People often adjust their diets to keep themselves healthy—but what about changing what we eat for the health of the planet? It appears that some popular meal plans, such as ketogenic and Paleolithic diets, aren’t very good for Earth or for your wellness, according to a recent study in The American Journal of Clinical Nutrition looked into the environmental impact and nutrition quality of food commodities.
Our food choices can have major consequences: What we eat contributes about a third of all greenhouse gas (GHG) emissions globally, when accounting for agriculture and land use, supply chain, and our dietary habits.
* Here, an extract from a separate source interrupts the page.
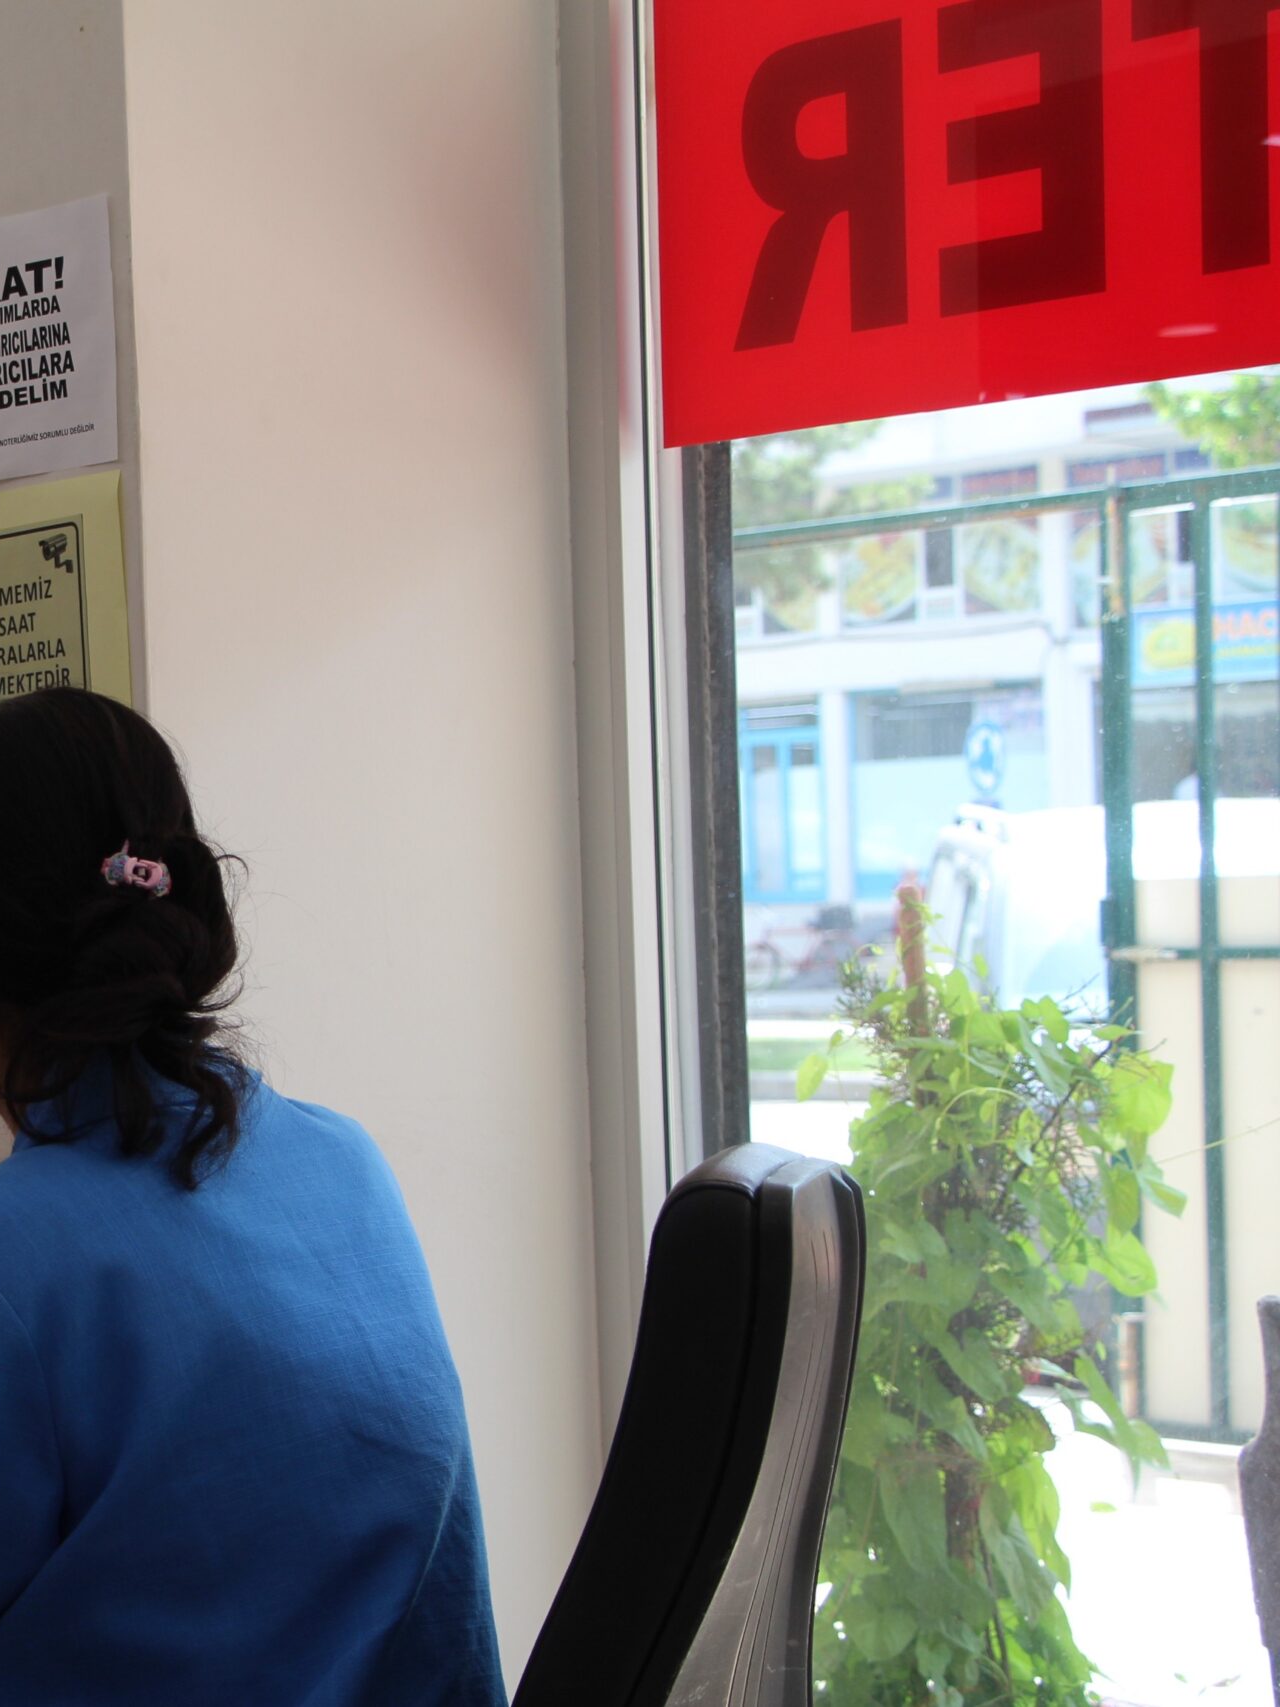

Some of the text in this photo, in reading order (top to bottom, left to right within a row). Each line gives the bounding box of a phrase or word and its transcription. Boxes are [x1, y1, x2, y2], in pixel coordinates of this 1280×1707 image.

Given food’s huge impact on climate change, it’s important that dietary patterns become more sustainable. This begins with identifying the food choices that are environmentally friendly, which is exactly what the study sought to find out.
“Given that many people are experimenting with different diets, it’s helpful to have a sense of the differences in their impacts,” says Diego Rose, study author and director of nutrition at Tulane University. “What individuals choose to eat sends signals to producers about what to produce, so individual behaviors can affect what gets produced and thus the impacts from our overall food production.”
Going vegan benefits the environment
The new research assessed the carbon footprint and quality of six popular diets, namely: vegan, vegetarian, pescatarian, Paleolithic, ketogenic, and omnivore (which, basically, is the diet of everyone else). Vegans, as defined by the study, ate very little meat and dairy: less than 0.5 ounces of the former and less than 0.25 cups of the latter each day. Meanwhile, vegetarians ate less than 0.5 ounces of meat, poultry, and seafood combined; a pescatarian diet was similar to a vegetarian one, but included seafood.
[Related: How to eat sustainably without sacrificing your favorite foods.]
Those who consumed meat but ate less than 0.5 ounces of grains and legumes per day, and less than 0.25 cups of dairy, followed the Paleo diet. People who have a keto diet eat less than 50 grams of net carbohydrates. The authors allowed minimal amounts of…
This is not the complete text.